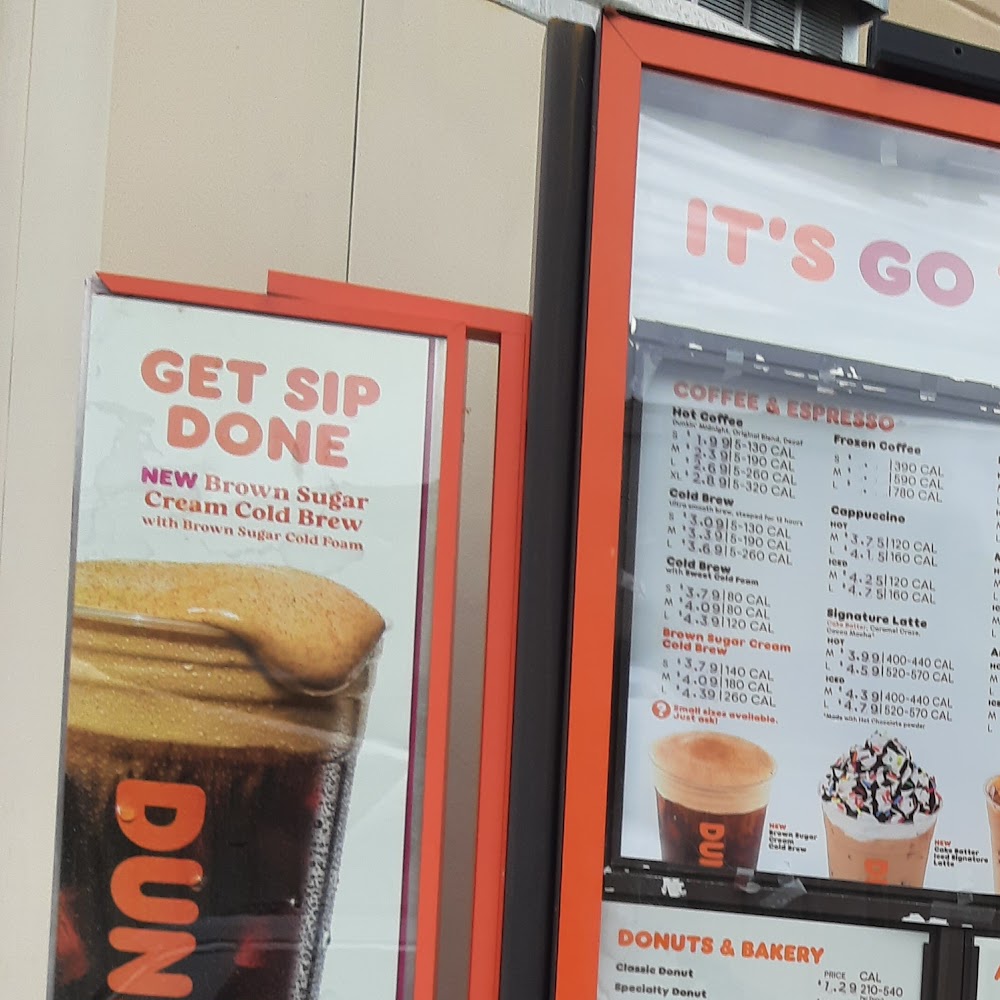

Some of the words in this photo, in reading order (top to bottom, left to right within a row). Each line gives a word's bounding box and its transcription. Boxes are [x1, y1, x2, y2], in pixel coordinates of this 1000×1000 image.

[685, 197, 836, 282] IT'S
[859, 239, 975, 307] GO
[141, 348, 267, 404] GET
[284, 367, 381, 418] SIP
[672, 406, 696, 420] Hot
[700, 411, 744, 427] Coffee
[673, 381, 759, 411] COFFEE
[766, 396, 780, 415] &
[787, 402, 895, 432] ESPRESSO
[167, 404, 351, 468] DONE
[833, 434, 876, 449] Frozen
[879, 441, 921, 455] Coffee
[141, 466, 198, 489] NEW
[204, 474, 289, 502] Brown
[296, 487, 369, 511] Sugar
[669, 488, 698, 501] Cold
[701, 493, 734, 507] Brew
[144, 491, 228, 518] Cream
[234, 501, 290, 525] Cold
[298, 509, 363, 532] Brew
[831, 505, 906, 525] Cappuccino
[141, 515, 179, 530] with
[182, 520, 234, 537] Brown
[238, 525, 282, 543] Sugar
[285, 530, 319, 546] Cold
[322, 536, 364, 551] Foam
[827, 607, 888, 627] Signature
[892, 616, 927, 628] Latte
[662, 628, 703, 642] Brown
[707, 633, 746, 647] Sugar
[749, 638, 791, 653] Cream
[618, 928, 714, 954] DONUTS
[719, 939, 735, 957] &
[741, 941, 824, 965] BAKERY
[615, 963, 656, 975] Classic
[659, 966, 694, 979] Donut
[614, 983, 670, 998] Specialty
[672, 988, 707, 999] Donut
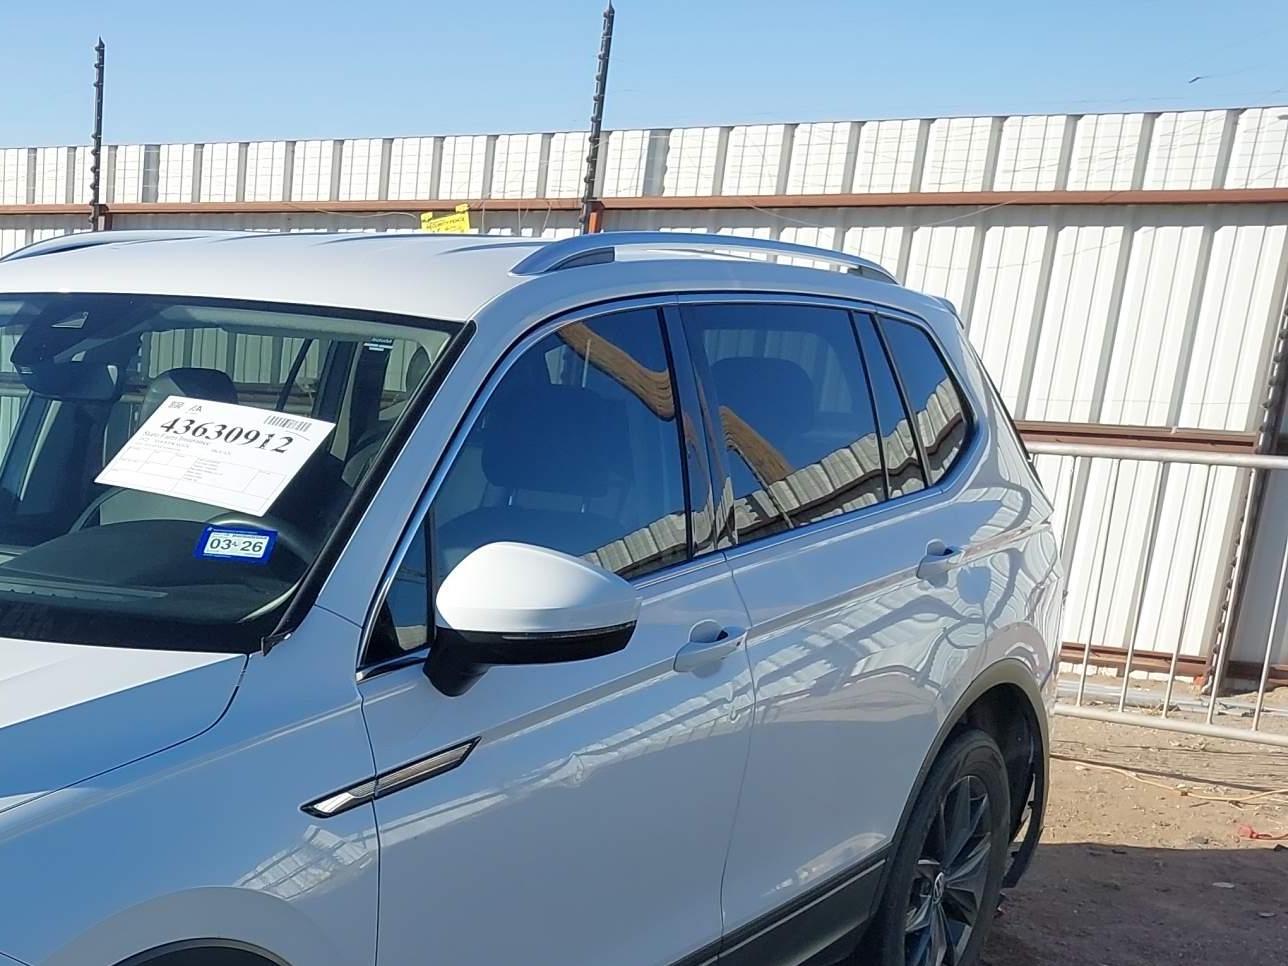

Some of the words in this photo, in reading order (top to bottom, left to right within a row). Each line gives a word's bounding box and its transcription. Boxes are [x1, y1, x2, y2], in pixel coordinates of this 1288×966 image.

[160, 416, 294, 454] 43630912
[210, 538, 233, 550] 03
[240, 540, 264, 553] 26
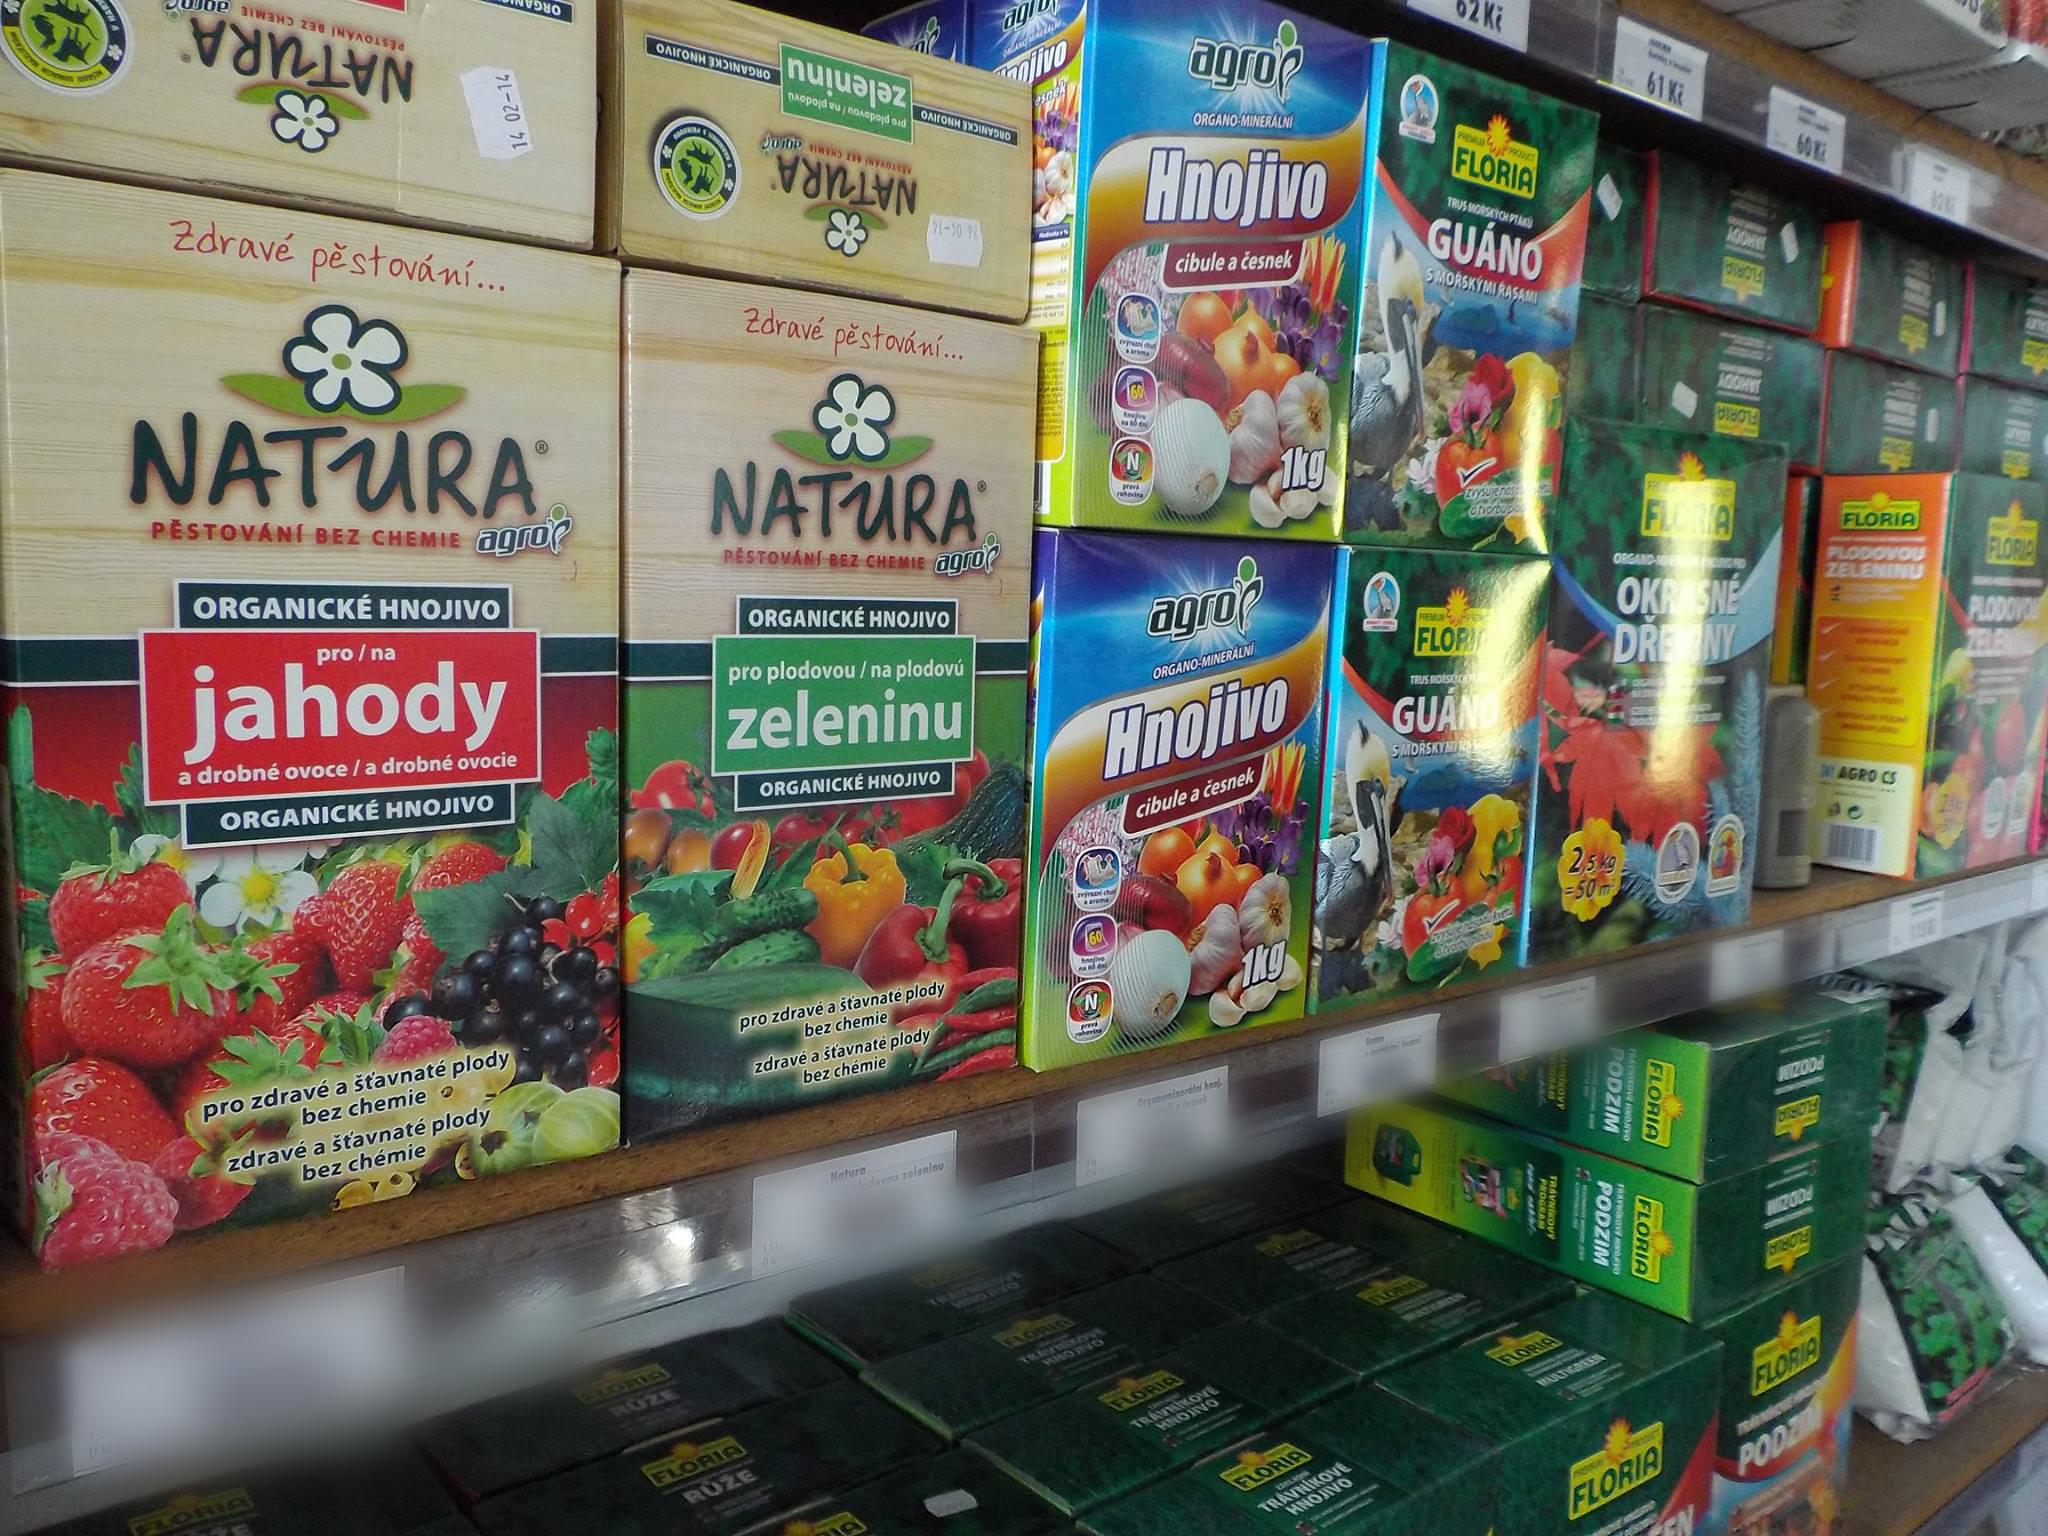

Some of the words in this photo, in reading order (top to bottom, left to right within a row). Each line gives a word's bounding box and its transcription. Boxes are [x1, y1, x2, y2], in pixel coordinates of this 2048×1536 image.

[240, 5, 294, 27] CHEMIE
[299, 18, 326, 34] BEZ
[1483, 2, 1504, 32] Kč
[331, 25, 405, 52] PĚSTOVÁNÍ
[655, 42, 708, 67] HNOJIVO
[191, 18, 414, 104] NATURA
[709, 54, 771, 81] ORGANICKÉ
[786, 57, 907, 109] zeleninu
[1647, 70, 1665, 98] 61
[1668, 79, 1685, 107] Kč
[829, 102, 840, 113] na
[847, 106, 891, 125] plodovou
[891, 116, 907, 128] pro
[920, 109, 961, 130] HNOJIVO
[1193, 111, 1294, 130] ORGANO-MINERÁLNÍ
[961, 119, 1012, 142] ORGANICKÉ
[775, 155, 918, 217] NATURA
[1143, 146, 1329, 229] Hnojivo
[1455, 146, 1534, 194] FLORIA
[1447, 196, 1468, 213] TRUS
[169, 218, 295, 264] Zdravé
[1426, 217, 1543, 282] GUÁNO
[1175, 251, 1226, 275] cibule
[1227, 258, 1236, 271] a
[1240, 250, 1293, 271] česnek
[1426, 268, 1434, 283] S
[743, 307, 825, 341] Zdravé
[1130, 384, 1144, 400] 60
[130, 411, 537, 520] NATURA
[1126, 451, 1140, 472] N
[1281, 446, 1327, 491] 1kg
[710, 461, 976, 546] NATURA
[1843, 511, 1916, 528] FLORIA
[151, 518, 304, 545] PĚSTOVÁNÍ
[314, 525, 361, 546] BEZ
[371, 528, 461, 549] CHEMIE
[723, 547, 822, 569] PĚSTOVÁNÍ
[828, 554, 859, 569] BEZ
[865, 553, 925, 570] CHEMIE
[192, 593, 373, 622] ORGANICKÉ
[379, 598, 501, 622] HNOJIVO
[1616, 572, 1741, 616] OKRSNÉ
[747, 605, 865, 629] ORGANICKÉ
[869, 609, 951, 629] HNOJIVO
[316, 646, 354, 667] pro
[370, 646, 396, 662] na
[1612, 615, 1738, 664] DŘENY
[728, 665, 762, 687] pro
[766, 661, 856, 685] plodovou
[870, 663, 892, 678] na
[896, 658, 965, 683] plodovú
[1151, 641, 1256, 681] ORGANO-MINERÁLNÍ
[183, 660, 508, 765] jahody
[726, 689, 962, 751] zeleninu
[1102, 676, 1289, 780] Hnojivo
[1391, 687, 1500, 735] GUÁNO
[178, 770, 193, 787] a
[197, 761, 280, 786] drobné
[284, 761, 348, 780] ovoce
[365, 760, 378, 776] a
[381, 752, 454, 776] drobné
[457, 751, 518, 770] ovocie
[1391, 743, 1400, 759] S
[758, 773, 864, 798] ORGANICKÉ
[867, 770, 942, 790] HNOJIVO
[1135, 786, 1187, 820] cibule
[1190, 787, 1201, 802] a
[1203, 766, 1255, 799] česnek
[1837, 766, 1877, 783] AGRO
[1881, 770, 1897, 786] CS
[219, 801, 380, 832] ORGANICKÉ
[384, 794, 495, 821] HNOJIVO
[1088, 930, 1102, 947] 60
[1241, 940, 1287, 989] 1kg
[739, 1013, 768, 1033] pro
[770, 1001, 825, 1026] zdravé
[827, 1002, 838, 1014] a
[839, 987, 903, 1013] šťavnaté
[904, 981, 946, 1006] plody
[1084, 993, 1098, 1012] N
[803, 1020, 833, 1038] bez
[835, 1010, 889, 1033] chemie
[754, 1048, 808, 1074] zdravé
[810, 1049, 821, 1064] a
[823, 1034, 888, 1062] šťavnaté
[889, 1028, 931, 1054] plody
[202, 1097, 245, 1123] pro
[250, 1079, 331, 1112] zdravé
[334, 1081, 350, 1099] a
[353, 1059, 448, 1095] šťavnaté
[451, 1048, 510, 1086] plody
[802, 1065, 832, 1085] bez
[834, 1055, 888, 1080] chémie
[301, 1101, 342, 1126] bez
[346, 1087, 427, 1120] chemie
[1602, 1047, 1625, 1134] PODZIM
[1642, 1060, 1664, 1140] FLORIA
[226, 1141, 308, 1175] zdravé
[311, 1141, 327, 1159] a
[331, 1116, 426, 1154] šťavnaté
[430, 1105, 491, 1141] plody
[301, 1157, 342, 1183] bez
[346, 1141, 427, 1175] chémie
[1592, 1180, 1614, 1268] PODZIM
[1634, 1197, 1652, 1276] FLORIA
[1754, 1335, 1820, 1391] FLORIA
[1108, 1376, 1178, 1410] FLORIA
[1154, 1398, 1220, 1431] HNOJIVO
[651, 1444, 747, 1487] FLORIA
[1234, 1450, 1309, 1489] FLORIA
[1572, 1445, 1661, 1512] FLORIA
[1285, 1478, 1354, 1517] HNOJIVO

◆ ◆ ◆ ◆

● **Work task**:
Please print the records above once more, word for word, omitting all pictures.

● **Written answer**:
Some of the words in this photo, in reading order (top to bottom, left to right within a row). Each line gives a word's bounding box and its transcription. Boxes are [x1, y1, x2, y2], in pixel coordinates of this 1000×1000 image.

[685, 197, 836, 282] IT'S
[859, 239, 975, 307] GO
[141, 348, 267, 404] GET
[284, 367, 381, 418] SIP
[672, 406, 696, 420] Hot
[700, 411, 744, 427] Coffee
[673, 381, 759, 411] COFFEE
[766, 396, 780, 415] &
[787, 402, 895, 432] ESPRESSO
[167, 404, 351, 468] DONE
[833, 434, 876, 449] Frozen
[879, 441, 921, 455] Coffee
[141, 466, 198, 489] NEW
[204, 474, 289, 502] Brown
[296, 487, 369, 511] Sugar
[669, 488, 698, 501] Cold
[701, 493, 734, 507] Brew
[144, 491, 228, 518] Cream
[234, 501, 290, 525] Cold
[298, 509, 363, 532] Brew
[831, 505, 906, 525] Cappuccino
[141, 515, 179, 530] with
[182, 520, 234, 537] Brown
[238, 525, 282, 543] Sugar
[285, 530, 319, 546] Cold
[322, 536, 364, 551] Foam
[827, 607, 888, 627] Signature
[892, 616, 927, 628] Latte
[662, 628, 703, 642] Brown
[707, 633, 746, 647] Sugar
[749, 638, 791, 653] Cream
[618, 928, 714, 954] DONUTS
[719, 939, 735, 957] &
[741, 941, 824, 965] BAKERY
[615, 963, 656, 975] Classic
[659, 966, 694, 979] Donut
[614, 983, 670, 998] Specialty
[672, 988, 707, 999] Donut

Some of the words in this photo, in reading order (top to bottom, left to right within a row). Each line gives a word's bounding box and its transcription. Boxes are [x1, y1, x2, y2], in pixel coordinates of this 1288×966 image.

[160, 416, 294, 454] 43630912
[210, 538, 233, 550] 03
[240, 540, 264, 553] 26

Some of the words in this photo, in reading order (top to bottom, left to right within a row). Each line gives a word's bounding box and its transcription. Boxes are [x1, y1, x2, y2], in pixel coordinates of this 2048×1536 image.

[240, 5, 294, 27] CHEMIE
[299, 18, 326, 34] BEZ
[1483, 2, 1504, 32] Kč
[331, 25, 405, 52] PĚSTOVÁNÍ
[655, 42, 708, 67] HNOJIVO
[191, 18, 414, 104] NATURA
[709, 54, 771, 81] ORGANICKÉ
[786, 57, 907, 109] zeleninu
[1647, 70, 1665, 98] 61
[1668, 79, 1685, 107] Kč
[829, 102, 840, 113] na
[847, 106, 891, 125] plodovou
[891, 116, 907, 128] pro
[920, 109, 961, 130] HNOJIVO
[1193, 111, 1294, 130] ORGANO-MINERÁLNÍ
[961, 119, 1012, 142] ORGANICKÉ
[775, 155, 918, 217] NATURA
[1143, 146, 1329, 229] Hnojivo
[1455, 146, 1534, 194] FLORIA
[1447, 196, 1468, 213] TRUS
[169, 218, 295, 264] Zdravé
[1426, 217, 1543, 282] GUÁNO
[1175, 251, 1226, 275] cibule
[1227, 258, 1236, 271] a
[1240, 250, 1293, 271] česnek
[1426, 268, 1434, 283] S
[743, 307, 825, 341] Zdravé
[1130, 384, 1144, 400] 60
[130, 411, 537, 520] NATURA
[1126, 451, 1140, 472] N
[1281, 446, 1327, 491] 1kg
[710, 461, 976, 546] NATURA
[1843, 511, 1916, 528] FLORIA
[151, 518, 304, 545] PĚSTOVÁNÍ
[314, 525, 361, 546] BEZ
[371, 528, 461, 549] CHEMIE
[723, 547, 822, 569] PĚSTOVÁNÍ
[828, 554, 859, 569] BEZ
[865, 553, 925, 570] CHEMIE
[192, 593, 373, 622] ORGANICKÉ
[379, 598, 501, 622] HNOJIVO
[1616, 572, 1741, 616] OKRSNÉ
[747, 605, 865, 629] ORGANICKÉ
[869, 609, 951, 629] HNOJIVO
[316, 646, 354, 667] pro
[370, 646, 396, 662] na
[1612, 615, 1738, 664] DŘENY
[728, 665, 762, 687] pro
[766, 661, 856, 685] plodovou
[870, 663, 892, 678] na
[896, 658, 965, 683] plodovú
[1151, 641, 1256, 681] ORGANO-MINERÁLNÍ
[183, 660, 508, 765] jahody
[726, 689, 962, 751] zeleninu
[1102, 676, 1289, 780] Hnojivo
[1391, 687, 1500, 735] GUÁNO
[178, 770, 193, 787] a
[197, 761, 280, 786] drobné
[284, 761, 348, 780] ovoce
[365, 760, 378, 776] a
[381, 752, 454, 776] drobné
[457, 751, 518, 770] ovocie
[1391, 743, 1400, 759] S
[758, 773, 864, 798] ORGANICKÉ
[867, 770, 942, 790] HNOJIVO
[1135, 786, 1187, 820] cibule
[1190, 787, 1201, 802] a
[1203, 766, 1255, 799] česnek
[1837, 766, 1877, 783] AGRO
[1881, 770, 1897, 786] CS
[219, 801, 380, 832] ORGANICKÉ
[384, 794, 495, 821] HNOJIVO
[1088, 930, 1102, 947] 60
[1241, 940, 1287, 989] 1kg
[739, 1013, 768, 1033] pro
[770, 1001, 825, 1026] zdravé
[827, 1002, 838, 1014] a
[839, 987, 903, 1013] šťavnaté
[904, 981, 946, 1006] plody
[1084, 993, 1098, 1012] N
[803, 1020, 833, 1038] bez
[835, 1010, 889, 1033] chemie
[754, 1048, 808, 1074] zdravé
[810, 1049, 821, 1064] a
[823, 1034, 888, 1062] šťavnaté
[889, 1028, 931, 1054] plody
[202, 1097, 245, 1123] pro
[250, 1079, 331, 1112] zdravé
[334, 1081, 350, 1099] a
[353, 1059, 448, 1095] šťavnaté
[451, 1048, 510, 1086] plody
[802, 1065, 832, 1085] bez
[834, 1055, 888, 1080] chémie
[301, 1101, 342, 1126] bez
[346, 1087, 427, 1120] chemie
[1602, 1047, 1625, 1134] PODZIM
[1642, 1060, 1664, 1140] FLORIA
[226, 1141, 308, 1175] zdravé
[311, 1141, 327, 1159] a
[331, 1116, 426, 1154] šťavnaté
[430, 1105, 491, 1141] plody
[301, 1157, 342, 1183] bez
[346, 1141, 427, 1175] chémie
[1592, 1180, 1614, 1268] PODZIM
[1634, 1197, 1652, 1276] FLORIA
[1754, 1335, 1820, 1391] FLORIA
[1108, 1376, 1178, 1410] FLORIA
[1154, 1398, 1220, 1431] HNOJIVO
[651, 1444, 747, 1487] FLORIA
[1234, 1450, 1309, 1489] FLORIA
[1572, 1445, 1661, 1512] FLORIA
[1285, 1478, 1354, 1517] HNOJIVO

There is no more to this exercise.